■ **AIM OF THE TASK**:
The whole of the data is to be reproduced exactly.

Referring expression grounding data:
══════

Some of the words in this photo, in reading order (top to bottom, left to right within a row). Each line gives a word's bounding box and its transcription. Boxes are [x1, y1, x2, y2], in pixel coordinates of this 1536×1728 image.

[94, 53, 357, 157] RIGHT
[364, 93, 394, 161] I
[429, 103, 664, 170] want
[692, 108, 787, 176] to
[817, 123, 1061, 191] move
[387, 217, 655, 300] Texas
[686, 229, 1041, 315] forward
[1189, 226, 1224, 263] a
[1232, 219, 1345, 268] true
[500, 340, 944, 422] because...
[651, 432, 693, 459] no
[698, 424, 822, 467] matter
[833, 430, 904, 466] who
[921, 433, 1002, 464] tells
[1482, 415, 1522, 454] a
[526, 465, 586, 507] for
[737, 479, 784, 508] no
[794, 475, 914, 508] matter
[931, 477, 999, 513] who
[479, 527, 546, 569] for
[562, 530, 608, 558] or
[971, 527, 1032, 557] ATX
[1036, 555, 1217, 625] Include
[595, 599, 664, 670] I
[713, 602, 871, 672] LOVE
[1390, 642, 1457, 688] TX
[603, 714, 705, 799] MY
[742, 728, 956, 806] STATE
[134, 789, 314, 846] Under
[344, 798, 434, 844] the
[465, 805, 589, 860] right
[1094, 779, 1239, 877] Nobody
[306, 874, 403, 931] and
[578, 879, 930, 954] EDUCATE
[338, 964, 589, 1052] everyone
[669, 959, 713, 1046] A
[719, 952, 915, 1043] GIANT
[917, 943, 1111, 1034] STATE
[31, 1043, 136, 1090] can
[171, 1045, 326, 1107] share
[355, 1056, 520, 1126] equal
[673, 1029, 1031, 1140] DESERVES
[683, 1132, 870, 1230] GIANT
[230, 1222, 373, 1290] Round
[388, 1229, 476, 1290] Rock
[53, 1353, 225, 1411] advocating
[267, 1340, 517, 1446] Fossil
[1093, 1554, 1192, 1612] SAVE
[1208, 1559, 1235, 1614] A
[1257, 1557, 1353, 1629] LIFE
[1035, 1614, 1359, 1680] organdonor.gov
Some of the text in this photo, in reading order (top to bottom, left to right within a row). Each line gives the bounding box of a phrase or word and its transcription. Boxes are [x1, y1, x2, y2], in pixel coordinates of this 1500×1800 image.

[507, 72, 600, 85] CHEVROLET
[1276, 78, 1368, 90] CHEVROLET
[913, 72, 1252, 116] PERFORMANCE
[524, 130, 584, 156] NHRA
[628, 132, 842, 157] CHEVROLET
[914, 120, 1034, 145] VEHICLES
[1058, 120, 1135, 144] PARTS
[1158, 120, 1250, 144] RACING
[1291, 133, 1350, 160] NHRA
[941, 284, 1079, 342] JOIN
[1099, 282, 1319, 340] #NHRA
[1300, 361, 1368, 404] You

══════

■ **ANSWER BOX**:
Some of the words in this photo, in reading order (top to bottom, left to right within a row). Each line gives a word's bounding box and its transcription. Boxes are [x1, y1, x2, y2], in pixel coordinates of this 1536×1728 image.

[94, 53, 357, 157] RIGHT
[364, 93, 394, 161] I
[429, 103, 664, 170] want
[692, 108, 787, 176] to
[817, 123, 1061, 191] move
[387, 217, 655, 300] Texas
[686, 229, 1041, 315] forward
[1189, 226, 1224, 263] a
[1232, 219, 1345, 268] true
[500, 340, 944, 422] because...
[651, 432, 693, 459] no
[698, 424, 822, 467] matter
[833, 430, 904, 466] who
[921, 433, 1002, 464] tells
[1482, 415, 1522, 454] a
[526, 465, 586, 507] for
[737, 479, 784, 508] no
[794, 475, 914, 508] matter
[931, 477, 999, 513] who
[479, 527, 546, 569] for
[562, 530, 608, 558] or
[971, 527, 1032, 557] ATX
[1036, 555, 1217, 625] Include
[595, 599, 664, 670] I
[713, 602, 871, 672] LOVE
[1390, 642, 1457, 688] TX
[603, 714, 705, 799] MY
[742, 728, 956, 806] STATE
[134, 789, 314, 846] Under
[344, 798, 434, 844] the
[465, 805, 589, 860] right
[1094, 779, 1239, 877] Nobody
[306, 874, 403, 931] and
[578, 879, 930, 954] EDUCATE
[338, 964, 589, 1052] everyone
[669, 959, 713, 1046] A
[719, 952, 915, 1043] GIANT
[917, 943, 1111, 1034] STATE
[31, 1043, 136, 1090] can
[171, 1045, 326, 1107] share
[355, 1056, 520, 1126] equal
[673, 1029, 1031, 1140] DESERVES
[683, 1132, 870, 1230] GIANT
[230, 1222, 373, 1290] Round
[388, 1229, 476, 1290] Rock
[53, 1353, 225, 1411] advocating
[267, 1340, 517, 1446] Fossil
[1093, 1554, 1192, 1612] SAVE
[1208, 1559, 1235, 1614] A
[1257, 1557, 1353, 1629] LIFE
[1035, 1614, 1359, 1680] organdonor.gov
Some of the text in this photo, in reading order (top to bottom, left to right within a row). Each line gives the bounding box of a phrase or word and its transcription. Boxes are [x1, y1, x2, y2], in pixel coordinates of this 1500×1800 image.

[507, 72, 600, 85] CHEVROLET
[1276, 78, 1368, 90] CHEVROLET
[913, 72, 1252, 116] PERFORMANCE
[524, 130, 584, 156] NHRA
[628, 132, 842, 157] CHEVROLET
[914, 120, 1034, 145] VEHICLES
[1058, 120, 1135, 144] PARTS
[1158, 120, 1250, 144] RACING
[1291, 133, 1350, 160] NHRA
[941, 284, 1079, 342] JOIN
[1099, 282, 1319, 340] #NHRA
[1300, 361, 1368, 404] You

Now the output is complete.